**TASK ITEM**
Repeat, word for word, each of the records shown below, without their pictures.

**DATA FOR ANALYSIS**
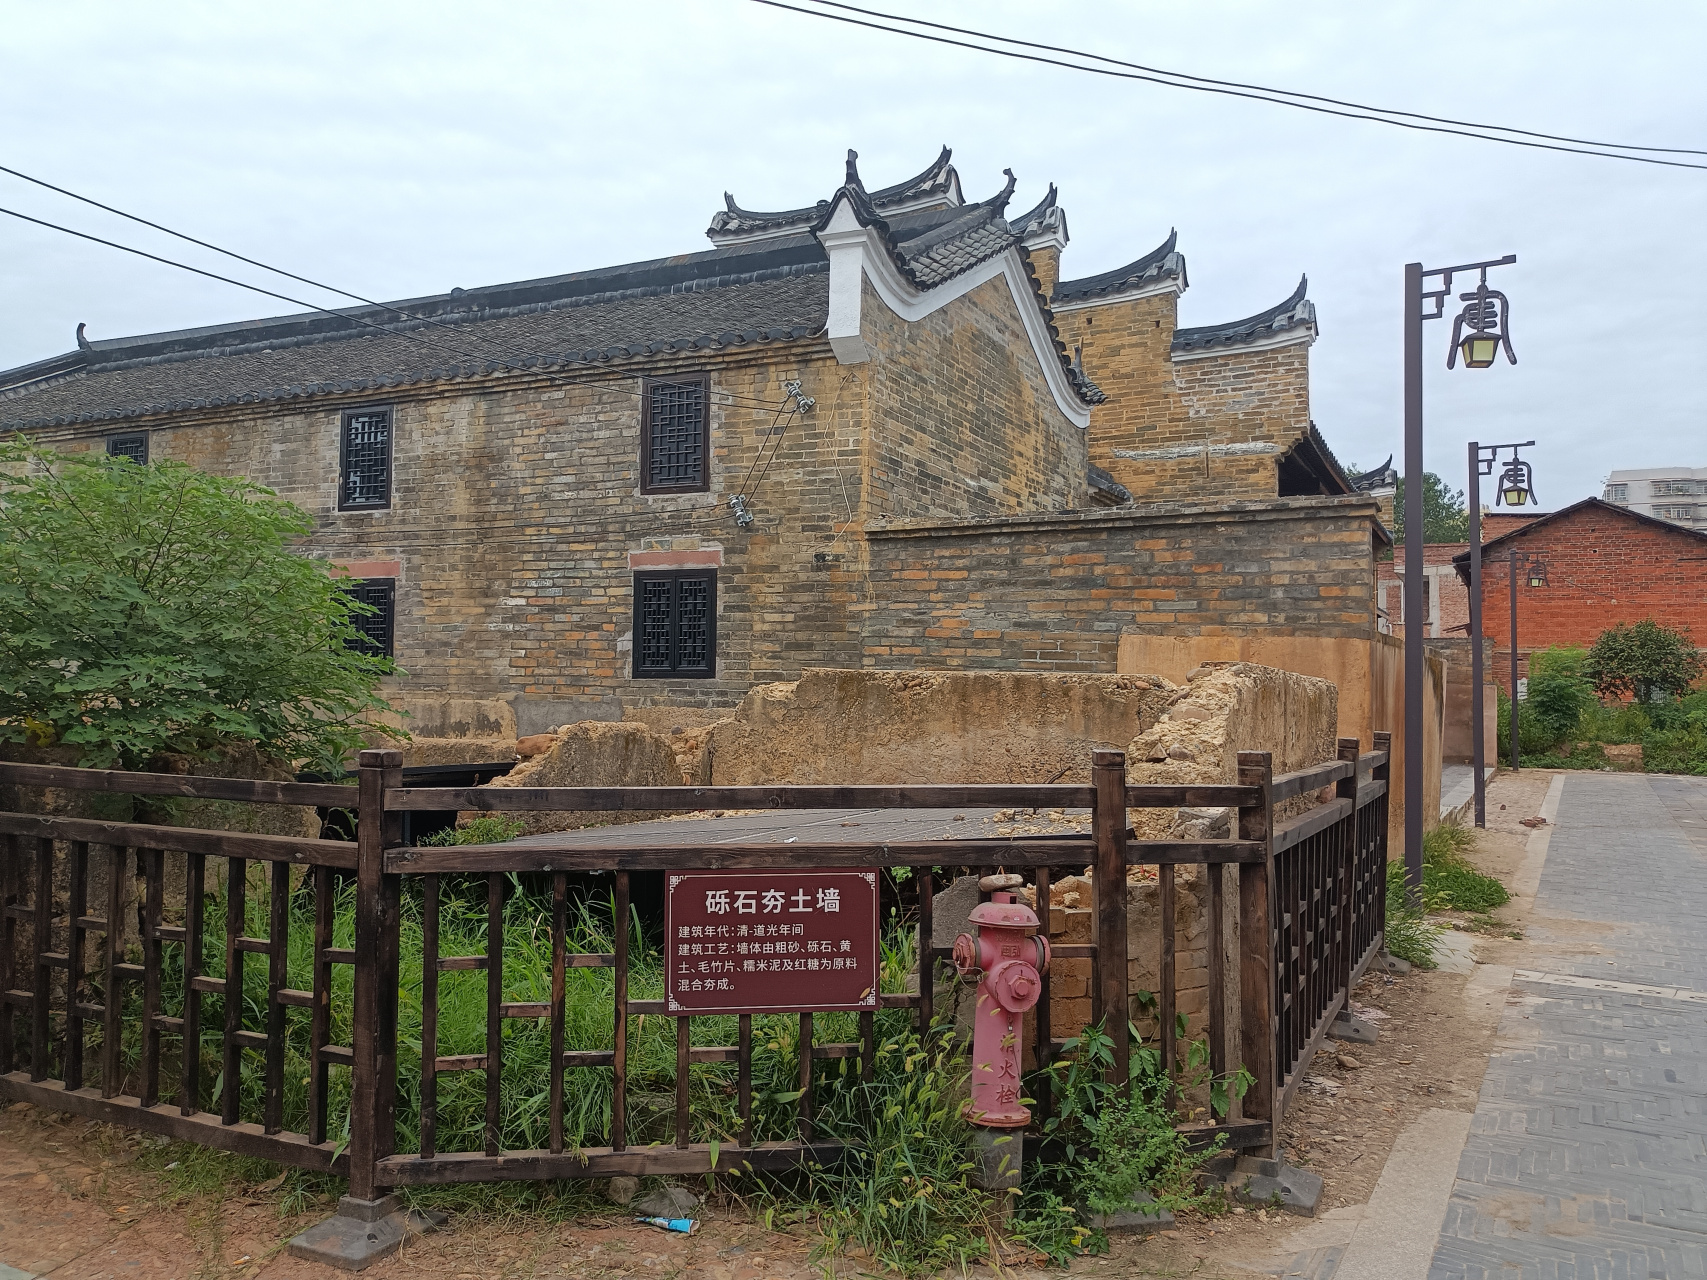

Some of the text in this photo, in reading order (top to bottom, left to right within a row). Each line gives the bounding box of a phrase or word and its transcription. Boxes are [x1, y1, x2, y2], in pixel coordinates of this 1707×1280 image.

[706, 888, 841, 915] 砾石夯土墙
[678, 940, 852, 956] 建筑工艺：墙体由粗砂、砾石、黄
[678, 957, 858, 974] 土、毛竹片、糯米泥及红糖为原料
[677, 978, 735, 992] 混合夯成。

**ANSWER FOR THIS EXERCISE**
Some of the text in this photo, in reading order (top to bottom, left to right within a row). Each line gives the bounding box of a phrase or word and its transcription. Boxes are [x1, y1, x2, y2], in pixel coordinates of this 1707×1280 image.

[706, 888, 841, 915] 砾石夯土墙
[678, 940, 852, 956] 建筑工艺：墙体由粗砂、砾石、黄
[678, 957, 858, 974] 土、毛竹片、糯米泥及红糖为原料
[677, 978, 735, 992] 混合夯成。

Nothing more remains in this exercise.